13 ottobre 2016 ore: 10:02
Immigrazione

Orwa Kulthoum, l'attore siriano rifiutato dal Libano che l'aveva accolto

In partenza da Beirut alla volta di Bologna per presentare al Terra di Tutti Film Festival il film di cui è protagonista, ha scoperto di non essere più il benvenuto nel Paese dove si era rifugiato dopo la fuga dalla Siria. Il motivo? “Il mio lavoro: perché l’arte è un’arma potente”
Orwa Kulthoum

BOLOGNA – È successo tutto due giorni fa, all’aeroporto di Beirut, in partenza per Bologna: “You’re not welcome in Lebanon anymore, non sei più il benvenuto in Libano, mi hanno detto gli impiegati. Mi hanno fatto un timbro sul passaporto e mi hanno minacciato: se torni, ti rispediamo in Siria. Cosa farò ora? Chiederò il permesso di soggiorno qui in Italia, per me sarà un onore”. Orwa Kulthoum, giovane attore siriano rifugiato in Libano, è in città per presentare al Terra di Tutti Film Festival “Echoes of shadows”, il film della regista libanese Dima Al-Joundi di cui è protagonista. Era il 21 luglio del 2012 quando Orwa, 36 anni, ha deciso di scappare dalla Siria: era stato richiamato dall’esercito per diventare uno dei ‘commandos’, militari esperti nel combattimento urbano, ipotesi che non avrebbe potuto accettare.

Orwa Kulthoum

“Avevano già provato a uccidermi due volte, e un’altra hanno tentato di rapirmi. Dopo essermi rifiutato di far parte dell’esercito, non avevo più scelta. Così, sono partito da Damasco alla volta di Beirut, non più di un’ora e mezza di strada. Sono andato a salutare mia mamma, che mi ha dato 3 bottiglie d’acqua. Le ho detto che il viaggio sarebbe stato breve, che me ne sarebbe bastata una, ma ha insistito. Aveva ragione lei: alla frontiera c’era così tanta gente che ci ho messo 8 ore per passare. In coda, ho visto uomini, donne e bambini fuggire a piedi, affamati e assetati, stremati dal viaggio. Lì, in quel momento, ho deciso che avrei sempre e solo raccontato la verità sul mio popolo e sul mio Paese d’origine”, racconta. 

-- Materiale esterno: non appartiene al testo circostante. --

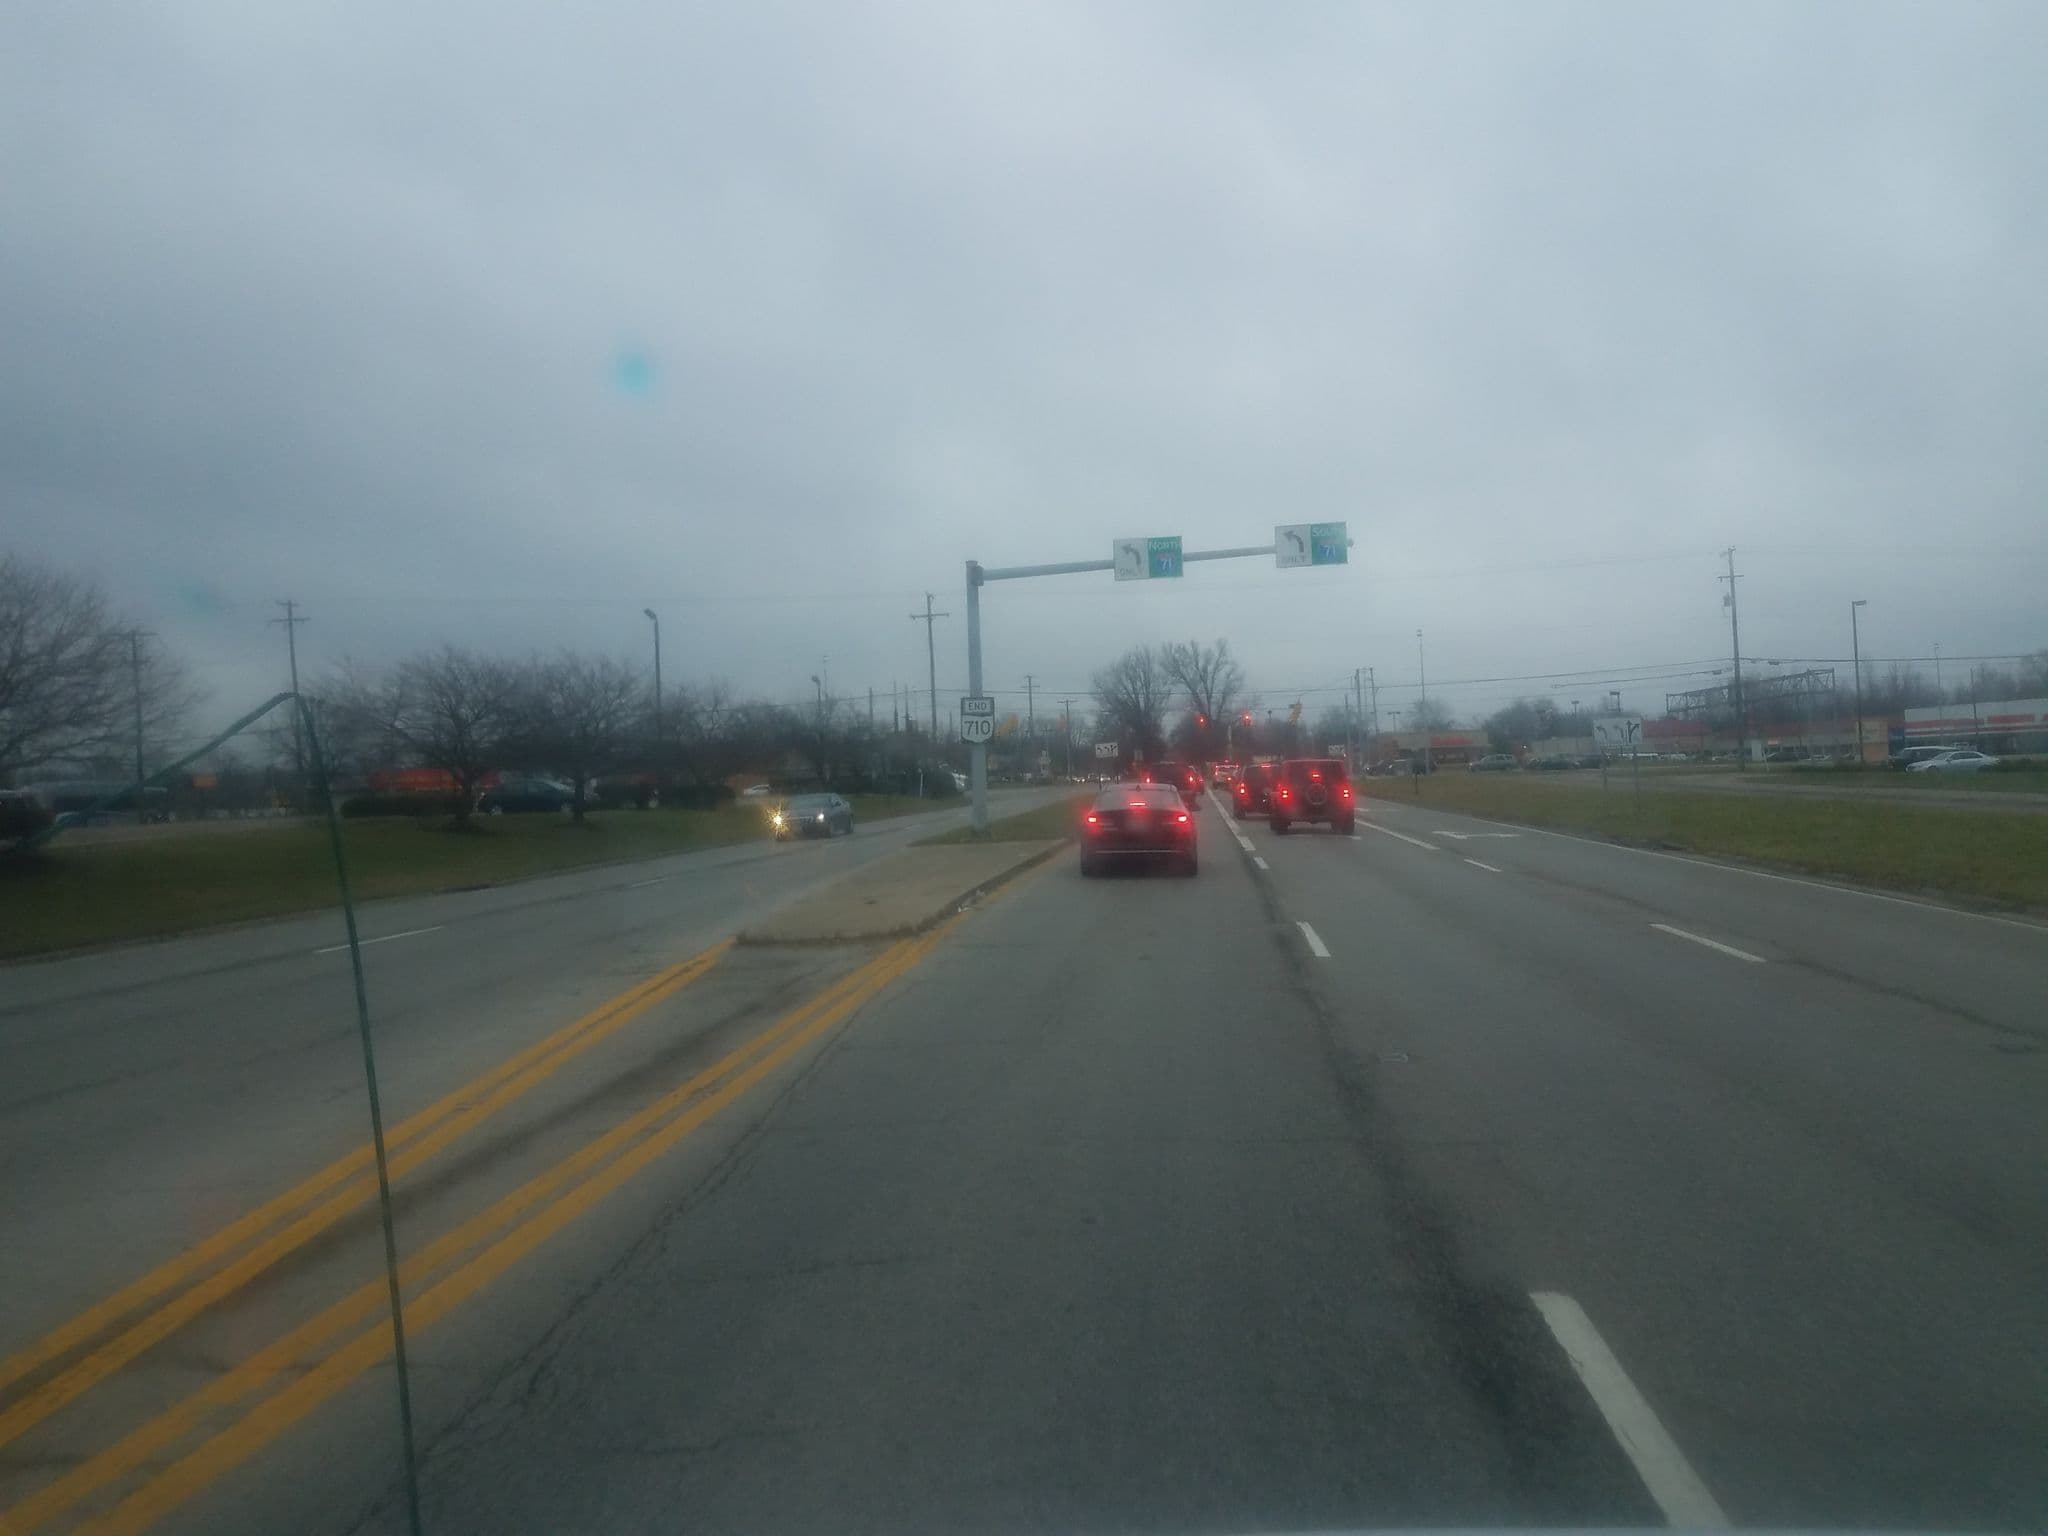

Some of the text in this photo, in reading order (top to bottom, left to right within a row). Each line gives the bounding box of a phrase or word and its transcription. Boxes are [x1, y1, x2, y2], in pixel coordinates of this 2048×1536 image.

Orwa è un attore famoso in Siria (nonché professore presso un istituto d’arte), proprio per questo particolarmente controllato dal regime. Fa parte di tutta quella schiera di attori che, fuggiti in Libano, si sono trasformati in doppiatori di serie turche. “Assad tiene sotto stretto controllo gli artisti – spiega –. Sanno che l’arte è un’arma molto potente, e ne hanno paura”. “È proprio così – conferma Dima Al-Joundi, che del giovane è anche agente e che solo grazie al suo passaporto francese è riuscita a permettergli di raggiungere l’Italia –. Tutti i giornalisti, gli artisti, gli attori critici nei confronti del regime sono segnalati. E il Libano può vietare il rientro sul proprio territorio a un cittadino siriano, anche solo attraverso un timbro sul passaporto”.

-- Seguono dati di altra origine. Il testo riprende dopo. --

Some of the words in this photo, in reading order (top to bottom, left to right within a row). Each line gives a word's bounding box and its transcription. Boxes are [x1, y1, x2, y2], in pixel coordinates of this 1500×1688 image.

Nella filmografia di Orwa, oltre al film della regista libanese, una serie televisiva sulla rivoluzione siriana dal titolo “Hope” trasmessa proprio in queste settimane e una pièce teatrale che affronta anche la realtà dello Stato islamico. Ed è nel cast anche di un altro lungometraggio, diretto da un regista belga, che racconta 24 ore con una famiglia siriana: “So che si tratta di scelte coraggiose e forse anche pericolose, ma voglio raccontare la verità. Lo devo al mio popolo, alla mia famiglia che è ancora in Siria. Dopo che sono fuggito in Libano non ho visto mio padre per tre anni: è per lui che devo denunciare quanto sta accadendo nel mio Paese”. (Ambra Notari)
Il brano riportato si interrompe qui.